**EXERCISE DATA:**
►

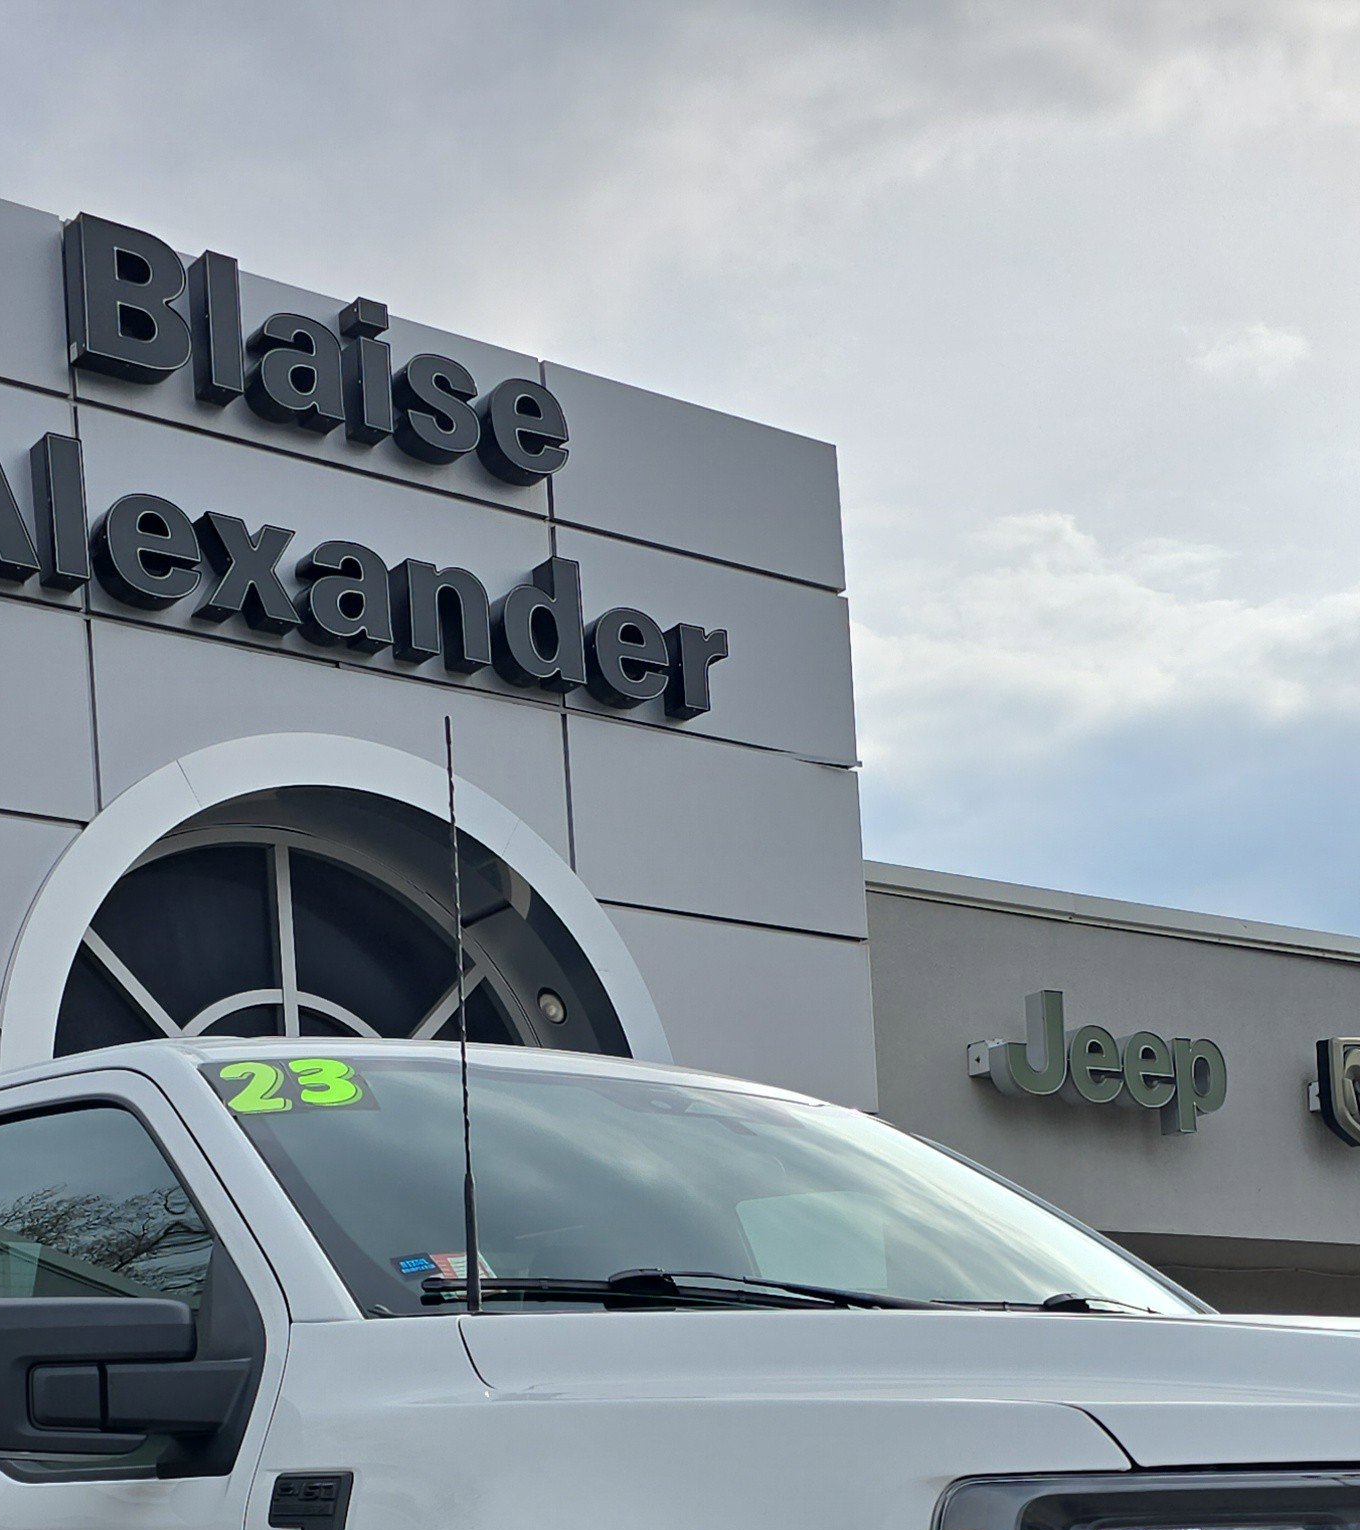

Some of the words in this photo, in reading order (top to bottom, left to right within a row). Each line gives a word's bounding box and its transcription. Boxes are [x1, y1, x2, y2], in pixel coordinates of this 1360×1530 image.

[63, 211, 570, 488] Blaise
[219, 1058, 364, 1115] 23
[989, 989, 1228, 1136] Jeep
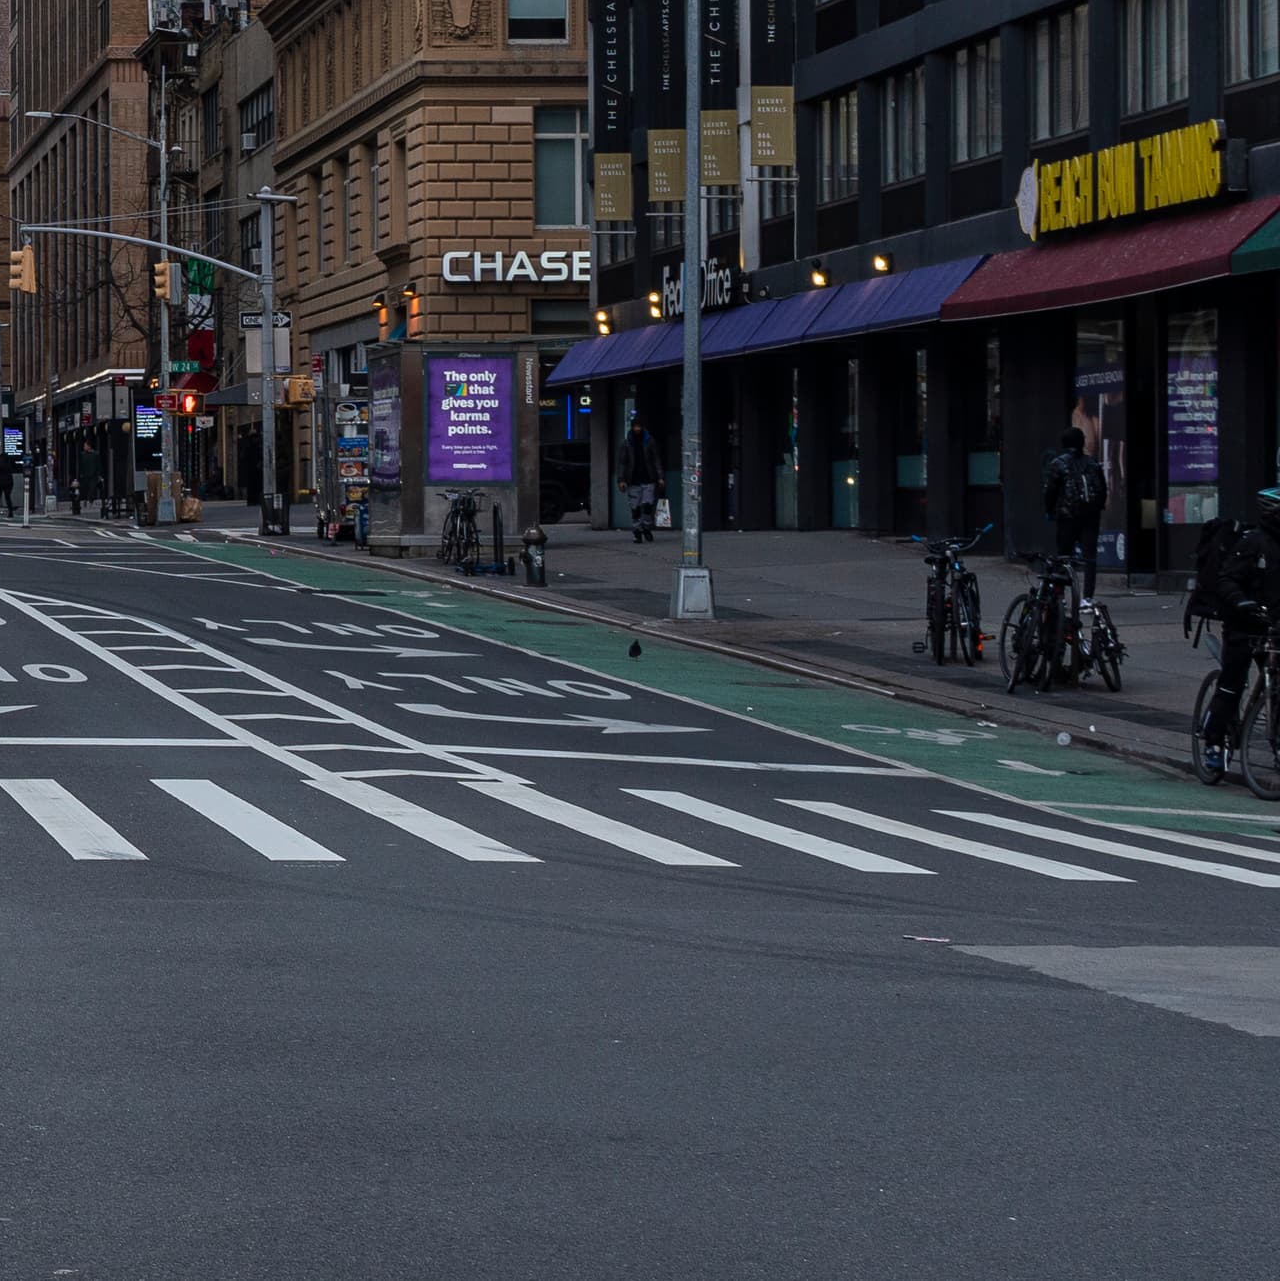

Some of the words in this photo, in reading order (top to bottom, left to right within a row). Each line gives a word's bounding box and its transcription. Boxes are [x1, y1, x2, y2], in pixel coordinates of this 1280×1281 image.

◄
►

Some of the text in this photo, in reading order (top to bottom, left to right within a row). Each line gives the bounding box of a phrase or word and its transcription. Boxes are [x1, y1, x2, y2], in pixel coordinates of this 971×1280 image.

◄

In the data above, take the line with "this 1360×1530 image.", the line with "this 1280×1281 image.", and every line between, and set them down exactly without pictures.

Some of the words in this photo, in reading order (top to bottom, left to right within a row). Each line gives a word's bounding box and its transcription. Boxes are [x1, y1, x2, y2], in pixel coordinates of this 1360×1530 image.

[63, 211, 570, 488] Blaise
[219, 1058, 364, 1115] 23
[989, 989, 1228, 1136] Jeep

Some of the words in this photo, in reading order (top to bottom, left to right within a row). Each line gives a word's bounding box and its transcription. Boxes are [x1, y1, x2, y2], in pixel coordinates of this 1280×1281 image.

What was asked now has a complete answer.